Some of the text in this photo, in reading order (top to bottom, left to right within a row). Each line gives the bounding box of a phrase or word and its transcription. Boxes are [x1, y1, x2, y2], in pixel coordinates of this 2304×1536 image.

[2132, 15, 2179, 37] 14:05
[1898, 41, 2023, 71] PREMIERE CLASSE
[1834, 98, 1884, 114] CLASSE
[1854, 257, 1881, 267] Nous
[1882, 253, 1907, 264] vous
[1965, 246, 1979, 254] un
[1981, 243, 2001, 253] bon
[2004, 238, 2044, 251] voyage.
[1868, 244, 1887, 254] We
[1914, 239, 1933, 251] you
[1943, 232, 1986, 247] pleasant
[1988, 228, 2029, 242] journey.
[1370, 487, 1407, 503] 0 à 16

****************************************

** TASK DETAILS **
Exact reproduction of the entire listing is required.

** SOLUTION TO THE PROBLEM **
Some of the text in this photo, in reading order (top to bottom, left to right within a row). Each line gives the bounding box of a phrase or word and its transcription. Boxes are [x1, y1, x2, y2], in pixel coordinates of this 2304×1536 image.

[2132, 15, 2179, 37] 14:05
[1898, 41, 2023, 71] PREMIERE CLASSE
[1834, 98, 1884, 114] CLASSE
[1854, 257, 1881, 267] Nous
[1882, 253, 1907, 264] vous
[1965, 246, 1979, 254] un
[1981, 243, 2001, 253] bon
[2004, 238, 2044, 251] voyage.
[1868, 244, 1887, 254] We
[1914, 239, 1933, 251] you
[1943, 232, 1986, 247] pleasant
[1988, 228, 2029, 242] journey.
[1370, 487, 1407, 503] 0 à 16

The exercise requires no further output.